=== Begin Enclosure ===

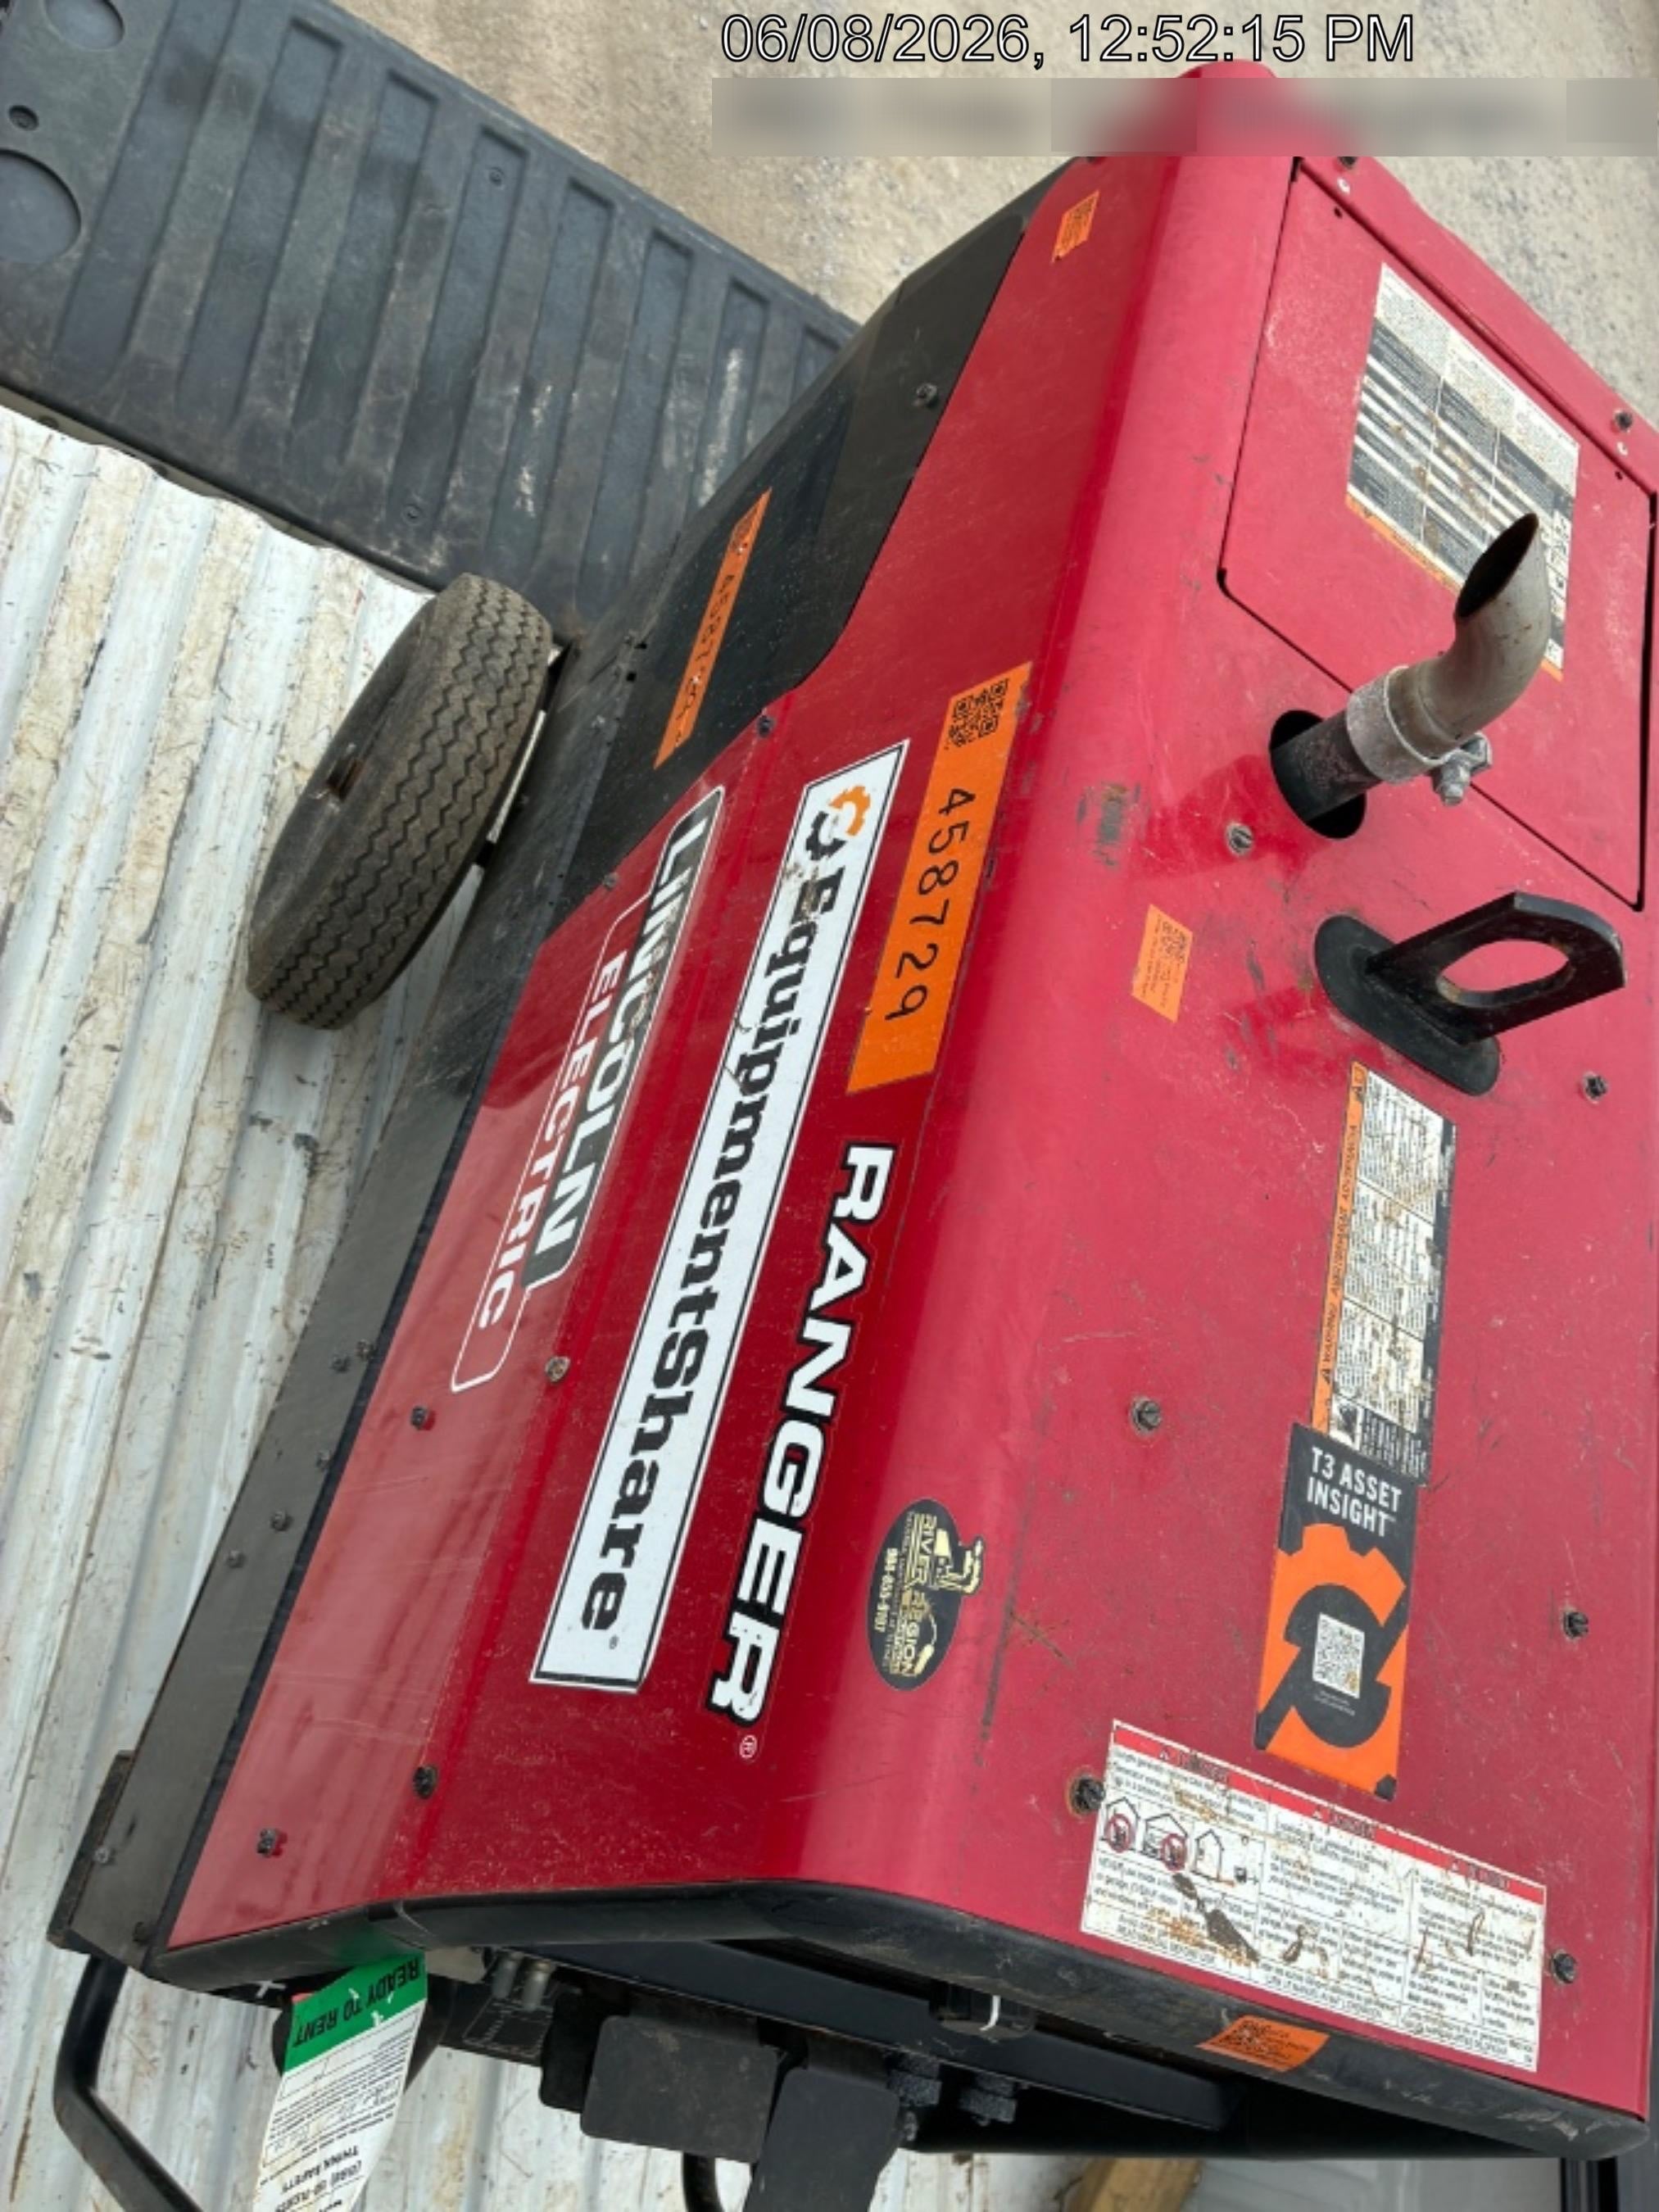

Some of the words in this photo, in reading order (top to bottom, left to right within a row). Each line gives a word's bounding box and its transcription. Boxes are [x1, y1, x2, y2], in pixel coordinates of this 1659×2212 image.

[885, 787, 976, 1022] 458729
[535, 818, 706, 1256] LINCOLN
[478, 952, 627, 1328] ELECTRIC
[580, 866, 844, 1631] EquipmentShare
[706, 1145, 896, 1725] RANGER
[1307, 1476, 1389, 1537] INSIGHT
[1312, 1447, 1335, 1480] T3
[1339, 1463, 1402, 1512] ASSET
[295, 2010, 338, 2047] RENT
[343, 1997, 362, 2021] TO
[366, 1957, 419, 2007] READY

=== End Enclosure ===

(Exercise)
Line for line, restate the data above and omit every picture.

(Output for this exercise)
Some of the words in this photo, in reading order (top to bottom, left to right within a row). Each line gives a word's bounding box and its transcription. Boxes are [x1, y1, x2, y2], in pixel coordinates of this 1659×2212 image.

[885, 787, 976, 1022] 458729
[535, 818, 706, 1256] LINCOLN
[478, 952, 627, 1328] ELECTRIC
[580, 866, 844, 1631] EquipmentShare
[706, 1145, 896, 1725] RANGER
[1307, 1476, 1389, 1537] INSIGHT
[1312, 1447, 1335, 1480] T3
[1339, 1463, 1402, 1512] ASSET
[295, 2010, 338, 2047] RENT
[343, 1997, 362, 2021] TO
[366, 1957, 419, 2007] READY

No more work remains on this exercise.